MUNICH — John Demjanjuk sat in a wheelchair wrapped in a light blue blanket, his eyes closed and his face pale as his trial opened Monday on charges he helped kill 27,900 Jews as a Nazi death camp guard.
Lawyers for the retired Ohio autoworker portrayed him as a victim — of the Nazis and misguided German justice. But three German doctors testified the Ukrainian-born Demjanjuk was fit to stand trial.
Wearing a blue baseball cap, Demjanjuk, 89, was wheeled into the packed Munich state court and did not answer when presiding judge Ralph Alt asked if he could answer basic questions about himself. His left hand twitched occasionally and his mouth was open slightly as though he was in pain.

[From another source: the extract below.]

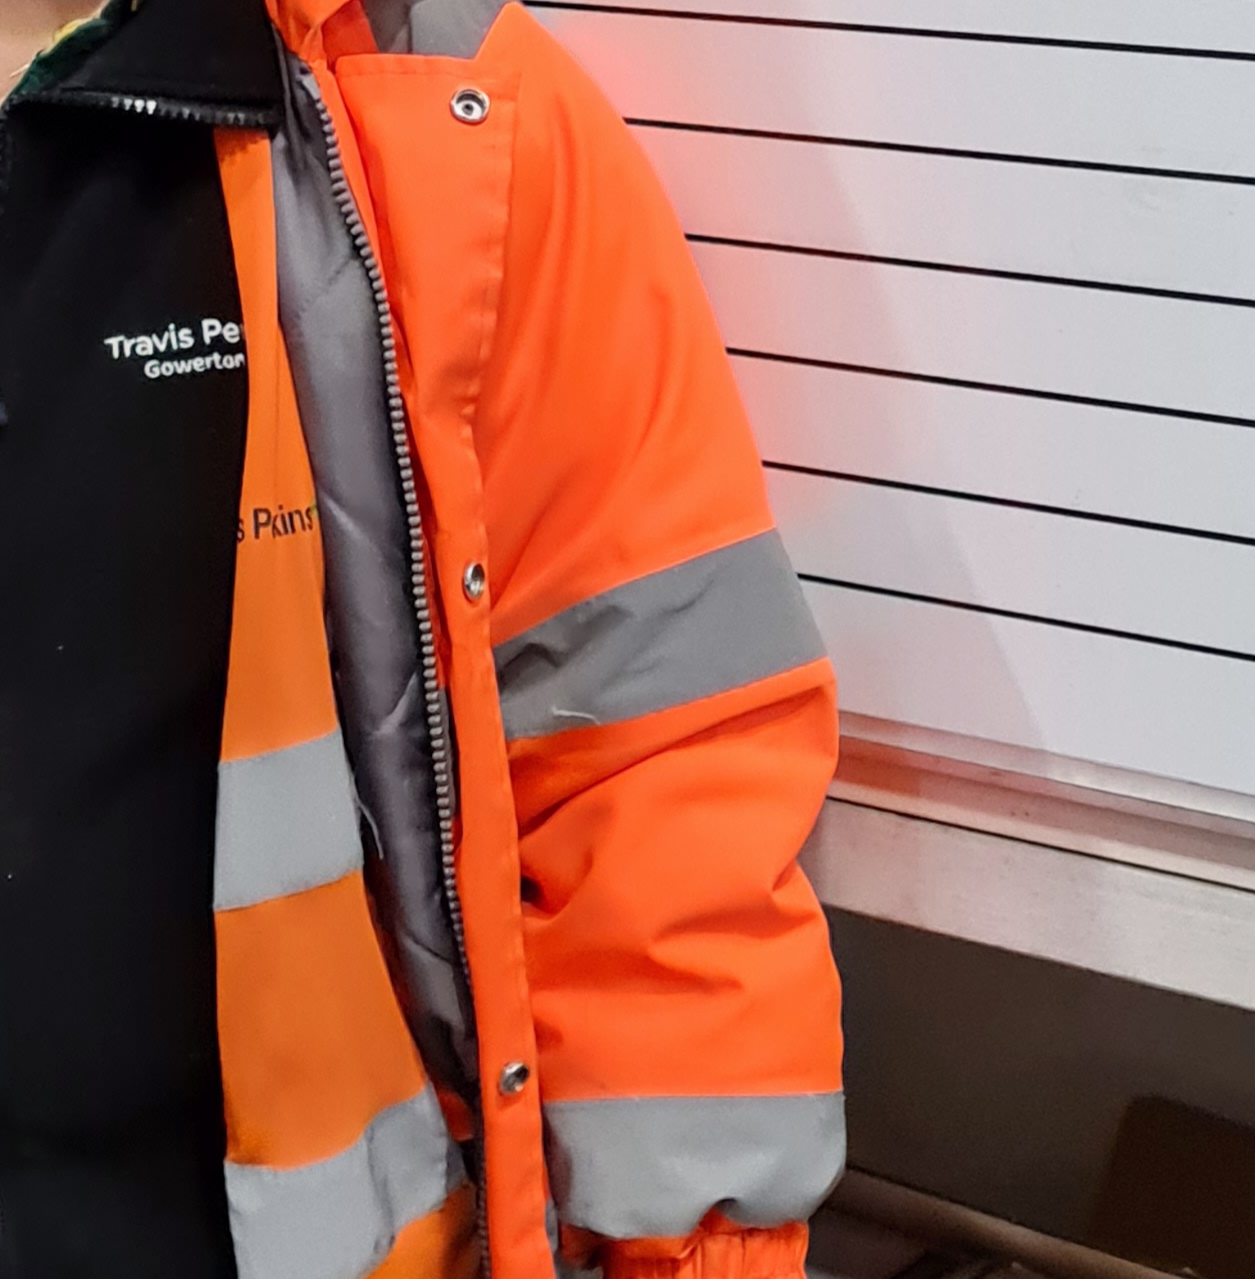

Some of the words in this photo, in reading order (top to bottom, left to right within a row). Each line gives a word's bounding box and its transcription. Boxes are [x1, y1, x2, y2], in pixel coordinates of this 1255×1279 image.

[104, 323, 194, 359] Travis
[201, 318, 244, 345] Pe
[144, 351, 245, 379] Gowerton

A German doctor who examined Demjanjuk two hours before the trial began said that despite suffering from a bone marrow disease and other ailments he was able to face trial.
"He lies there, keeps his eyes closed, but understands everything," said Dr. Albrecht Stein.
Demjanjuk was deported in May from the United States and has been in custody in Munich since. He could face up to 15 years in prison if convicted of training as a guard in the Trawniki SS camp, then serving in the Sobibor death camp in Nazi-occupied Poland.
The prosecution argues that after Demjanjuk, a Soviet Red Army soldier, was captured by the Germans in 1942 he volunteered to serve under the SS as a guard.
Demjanjuk has denied that, saying he spent most of the rest of the war in Nazi POW camps before joining the so-called Vlasov army made up of Soviet POWs and other anticommunists to fight with the Germans against the encroaching Soviets in the final months of World War II.
Ulrich Busch, one of Demjanjuk's two lawyers, told the court that those Ukrainians who did volunteer to serve as guards did so to save themselves, noting that millions of Soviet POWs died at the hands of the Nazis.
"Germany did not only commit the Holocaust on the Jews, but also on the Red Army prisoners of war," he said. Those who trained at "Trawniki were survivors, not perpetrators."